The United States Supreme Court recently discussed “obtaining” property in a case brought under the Racketeer Influenced and Corrupt Organizations Act (“RICO”), Scheidler v. Nat’l Org. for Women, 537 U.S. 393, 123 S.Ct. 1057, 154 L.Ed.2d 991 (2003), in which anti-abortion protestors challenged their convictions for blocking patients’ and employees’ access to and attempting to shut down abortion clinics, see Nat’l Org. for Women v. Scheidler, 510 U.S. 249, 253-54, 114 S.Ct. 798, 801-02, 127 L.Ed.2d 99 (1994). The Scheidler defendants were prosecuted under RICO for committing extortion under the Hobbs Act, 18 U.S.C. § 1951 (2003), which defines extortion as “the obtaining of property from another, with his consent, induced by wrongful use of actual or threatened force, violence, or fear, or under color of official right,” id., 18 U.S.C. § 1951(b)(2).

The Supreme Court reversed the defendants’ Hobbs Act convictions, holding that they “did not commit extortion because they did not ‘obtain’ property from respondents as required by the Hobbs Act.” Scheidler, 537 U.S. at-, 123 S.Ct. at 1061. In arriving at this conclusion, the Court refrained from tracing the outer boundaries of extortion liability under the Hobbs Act. Id. at 1064. The Court took great care to note that it neither endorsed nor rejected the view that “liability might be based on something as intangible as another’s right to exercise exclusive control over the use of a party’s business assets.” Id. Indeed, the Court cited a case brought under the mail-fraud statute, Carpenter v. United States, 484 U.S. 19, 27, 108 S.Ct. 316, 98 L.Ed.2d 275 (1987), for the proposition that confidential business information constitutes “property.”

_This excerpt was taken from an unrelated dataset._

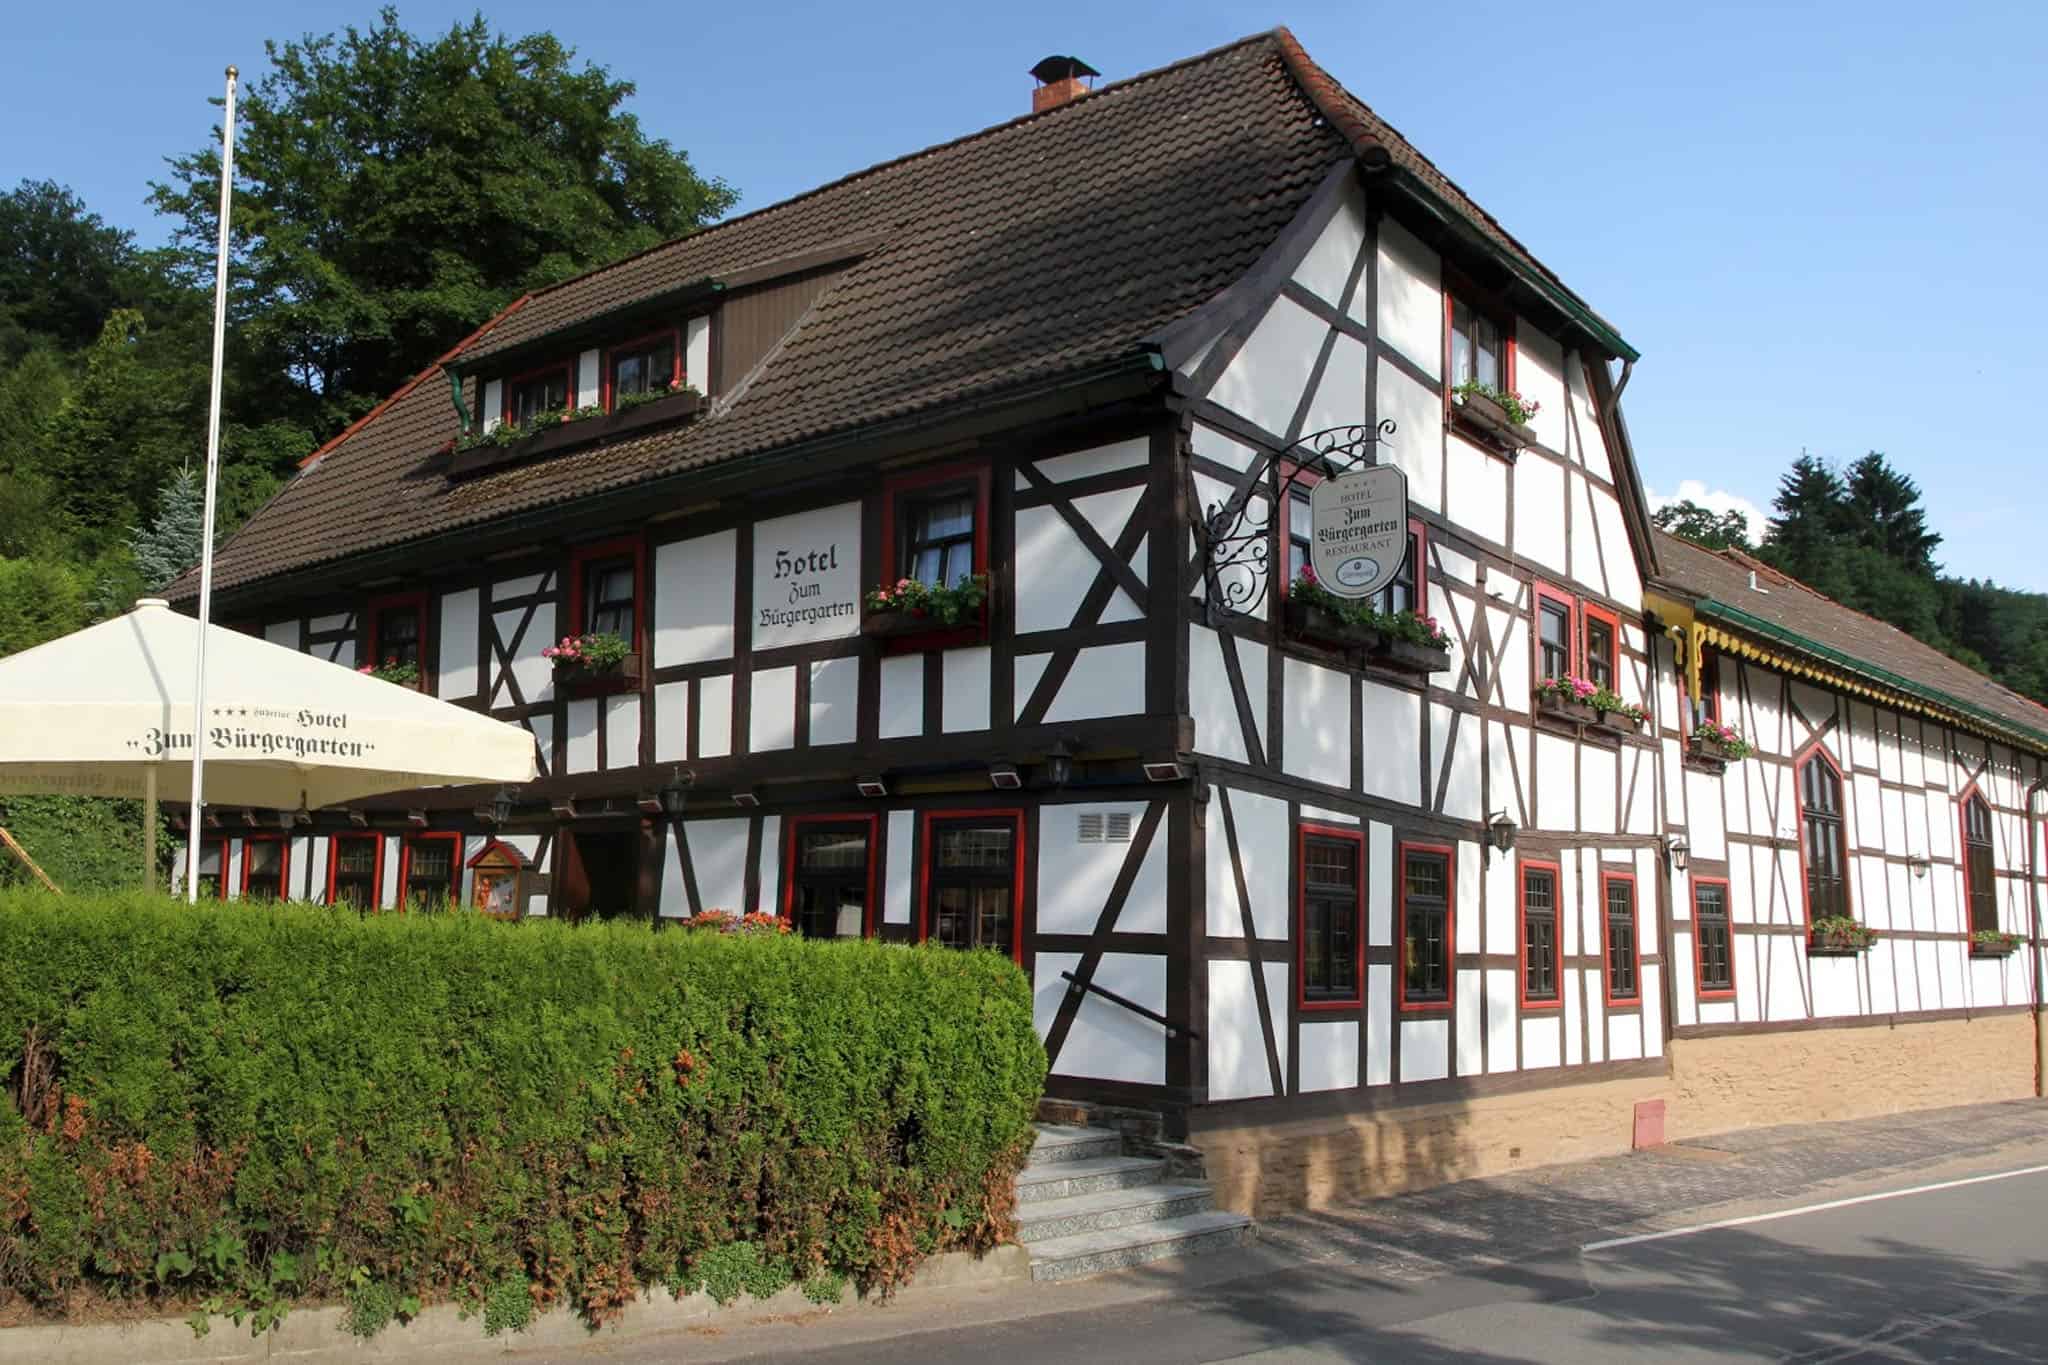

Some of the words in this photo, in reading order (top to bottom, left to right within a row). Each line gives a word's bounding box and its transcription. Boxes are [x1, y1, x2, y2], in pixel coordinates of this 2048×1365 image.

*312Unlike the extortion language in the Hobbs Act, which clearly requires the obtaining of property from another, see 18 U.S.C. § 1951(b)(2), there is room to debate the existence of an “obtaining” requirement in the mail-fraud statute. We are concerned with two phrases defining the basis of criminal liability for abusing the mail system: (1) for “any scheme or artifice to defraud” (the “seheme-or-arti-fice” clause); or (2) “for obtaining money or property by means of false or fraudulent pretenses, representations, or promises” (the “money-or-property” clause). 18 U.S.C. § 1341.4

The original mail-fraud statute, enacted in 1872, contained only the “scheme-or-artifice” clause. See Cleveland, 531 U.S. at 19, 121 S.Ct. 365. Later, in 1909, the “money-or-property” clause was added to the statute to codify the intervening Supreme Court holding of Durland v. United States, 161 U.S. 306, 313, 16 S.Ct. 508, 40 L.Ed. 709 (1896), which held that the mail-fraud statute covered not only representations as to the past or present, but suggestions and promises as to the future as well. See Cleveland, 531 U.S. at 19, 121 S.Ct. 365. Thus, the 1909 amendment was not intended to change the meaning of the mail-fraud statute, but to clarify what was already the common-law understanding'— that fraud requires the deprivation of money or property. See id. There is, likewise, no reason to believe that Congress added the word “obtaining” to the mail-fraud statute superfluously, or to inject a new and separate requirement into the mail-fraud statute that did not exist under the prior language of the statute. This approach is consistent with dicta articulated by the Third Circuit in United States v. Thomas, 315 F.3d 190, 198 (3d Cir.2002), in which the court found that the second section of the mail-fraud statute, the money-or-property phrase, does not set forth an independent basis of liability. It is also consistent with Scheidler, which gave effect to the word “obtain” as it was expressly included in the Hobbs Act. See id., 537 U.S. at-, 123 S.Ct. at 1066; but see United States v. Coyle, 943 F.2d 424, 427 (4th Cir.1991) (“any scheme or artifice to defraud” is to be construed broadly).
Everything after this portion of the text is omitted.